Thunder was launched in April 2006 and was the first fully-functional free screenreader: Windows Narrator had launched in Windows 2000, but had never been given the features needed to make it a true alternative to the dominant commercial players. Thunder had all of:
- Worked with Microsoft Word, Excel and Outlook, so you could use standard business applications.
- An offscreen model, so more applications spoke, even when they didn’t comply with accessibility APIs (MSAA)
- Scripting, so you could write application-specific support, including hotkeys and spoken messages and access to all the accessibility and offscreen model information provided by the screenreader.
- A reading toolbar, magnifying the current text to display in large, high-contrast at the top of the screen.
- Integration with UAC, so you could do admin functions on your machine and log in and out without sighted help.
- Full support and translations for many languages, including Arabic, Bulgarian, Czech, German, Greek, English, Spanish, Estonian, French, Italian, Polish, Slovak and Turkish.
Technically, Thunder used a combination of the MSAA API (and UIA through the MSAA bridge), an offscreen model that hooked Windows messages, and specific COM APIs. At the time of its launch the accessibility APIs like MSAA and UIA were not as mature so the offscreen model and COM APIs were required. Other screenreaders still take this approach. Thunder also relied on WebbIE for web browsing, though we wrote in support for direct use of Internet Explorer at one point (using the MSHTML DOM).
Thunder was not open-source/free software, though it was zero cost. This allowed closed-source components to be used in Thunder, such as the powerful third-party offscreen model, and some code that could not be publicly distributed and was provided by application and operating system vendors.
Sounds great! So why end it?
Thunder was never a commercial proposition, though versions were sold with additional features or add-on voices. The aim was to make a real screenreader available to end users for nothing, compared to the very expensive commercial alternatives. But there are now three strong free (zero-cost) alternatives:
- The great NVDA launched in 2007, and provides a free and open-source screenreader for download. It’s written by blind developers (unlike Thunder) and has attracted a loyal following (as it should).

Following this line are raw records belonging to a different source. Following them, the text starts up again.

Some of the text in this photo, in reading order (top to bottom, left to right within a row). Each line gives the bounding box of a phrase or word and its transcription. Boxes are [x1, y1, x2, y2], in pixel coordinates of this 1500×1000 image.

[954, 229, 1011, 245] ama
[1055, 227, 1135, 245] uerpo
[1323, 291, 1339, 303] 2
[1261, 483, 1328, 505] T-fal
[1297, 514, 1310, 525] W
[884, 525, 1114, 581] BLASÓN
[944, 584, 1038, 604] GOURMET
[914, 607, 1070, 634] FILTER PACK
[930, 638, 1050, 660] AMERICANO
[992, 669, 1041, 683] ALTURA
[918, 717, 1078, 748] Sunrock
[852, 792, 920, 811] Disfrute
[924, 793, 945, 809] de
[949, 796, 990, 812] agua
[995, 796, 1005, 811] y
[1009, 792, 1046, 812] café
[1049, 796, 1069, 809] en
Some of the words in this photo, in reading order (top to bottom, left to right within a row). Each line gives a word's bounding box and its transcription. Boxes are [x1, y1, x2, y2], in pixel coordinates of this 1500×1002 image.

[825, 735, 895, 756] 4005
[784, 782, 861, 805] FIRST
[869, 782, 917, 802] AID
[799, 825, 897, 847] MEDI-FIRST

- Microsoft licensed WindowEyes for free with anyone with Microsoft Office. Which is pretty much anyone. So you can get a fully-fledged commercial solution.
- Windows 8 finally improved Windows Narrator enormously, and the MSAA/UIA interfaces on which it depends have increased in utility hugely (for example, they are now available in Microsoft Office and Internet Explorer), so you can probably often get away with the onboard assistive technology much more than you could.

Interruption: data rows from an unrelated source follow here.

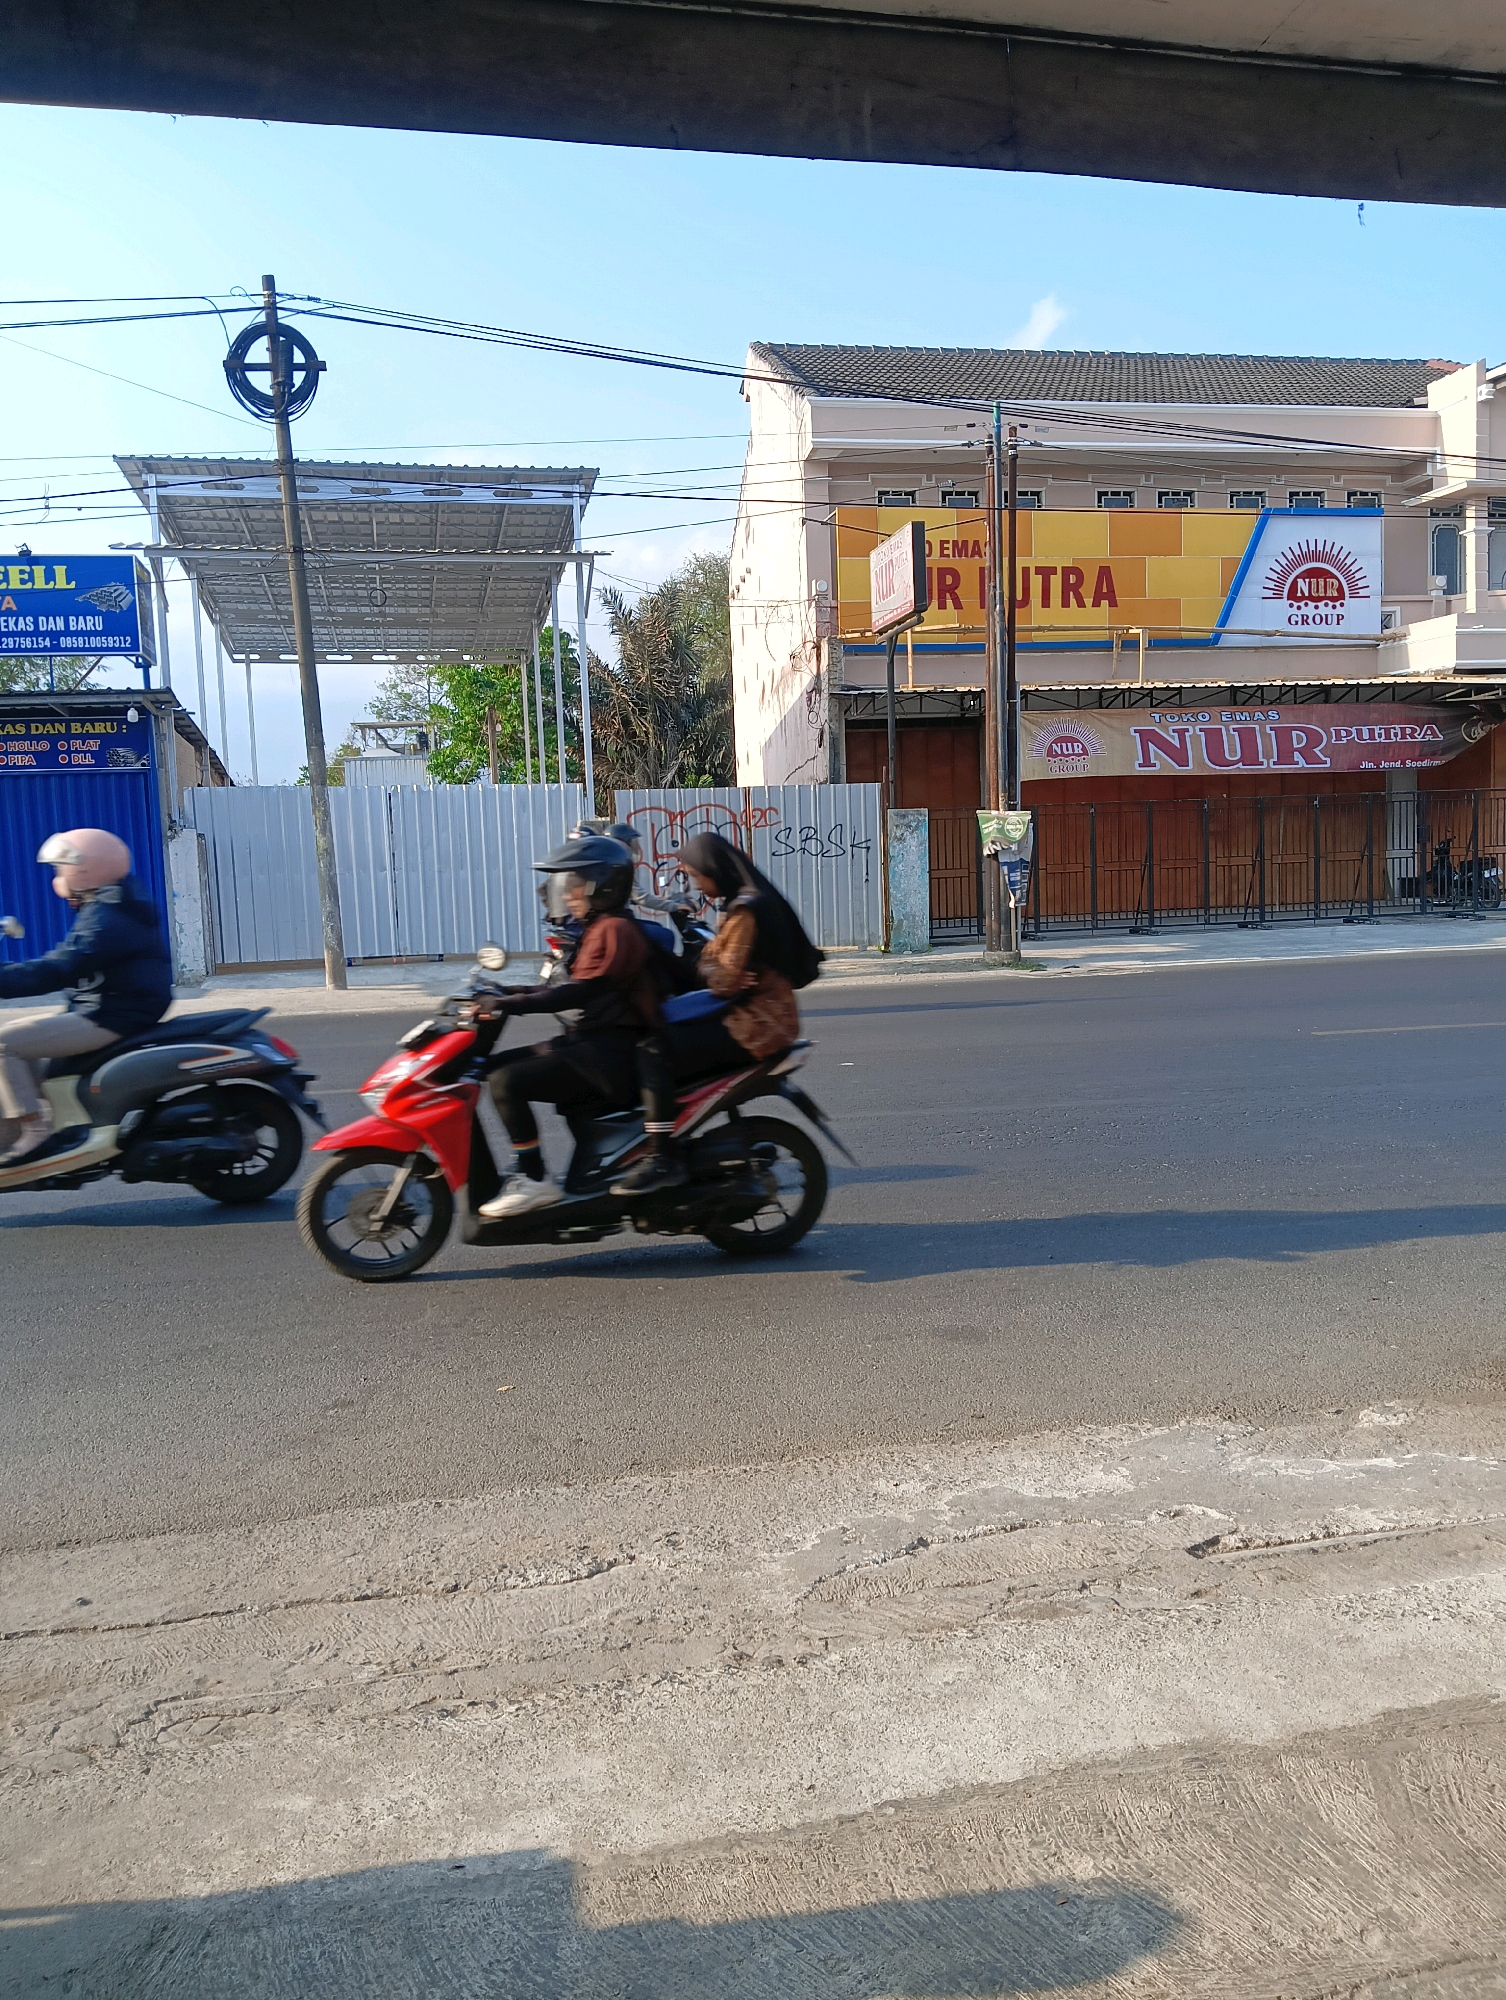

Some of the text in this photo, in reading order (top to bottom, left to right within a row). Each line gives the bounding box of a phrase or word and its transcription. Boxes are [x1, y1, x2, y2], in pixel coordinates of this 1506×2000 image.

[0, 565, 76, 589] ELL
[874, 558, 896, 607] NUR
[1296, 578, 1339, 597] NUR
[0, 595, 17, 611] A
[38, 616, 65, 631] DAN
[68, 616, 103, 631] BARU
[1287, 613, 1345, 626] GROUP
[0, 637, 51, 649] 29756154
[1150, 709, 1281, 723] TOKO EMAS
[30, 723, 66, 734] DAN
[70, 722, 118, 733] BARU
[1330, 724, 1444, 744] PUTRA
[7, 740, 50, 752] HOLLO
[70, 739, 100, 751] PLAT
[1051, 742, 1084, 755] NUR
[1130, 724, 1331, 770] NUR
[8, 754, 36, 766] PIPA
[71, 753, 95, 765] DLL
[1359, 760, 1377, 769] Jln.
[1379, 760, 1404, 769] Jend.
[1049, 763, 1089, 774] GROUP

In parallel, we’ve seen fewer innovations in Windows GUI toolkits – XAML was nine years ago, for example, and most toolkits provide UIA and/or MSAA interfaces. So there is perhaps less need to update your copy of JAWS regularly than there was ten years ago.
And finally the huge change: blind users may not be on Windows at all any more. The iPhone and iPad with VoiceOver built in, touch interfaces, and rigorously-controlled walled-garden apps have provided a more accessible and productive environment for many blind people than the free-for-all mouse-and-keyboard world of Windows.
So new, free alternatives, and changes in the marketplace, have meant that the need for Thunder has simply reduced over time. All great news for blind users, which is the important thing. Thunder is dead, long live free screenreaders!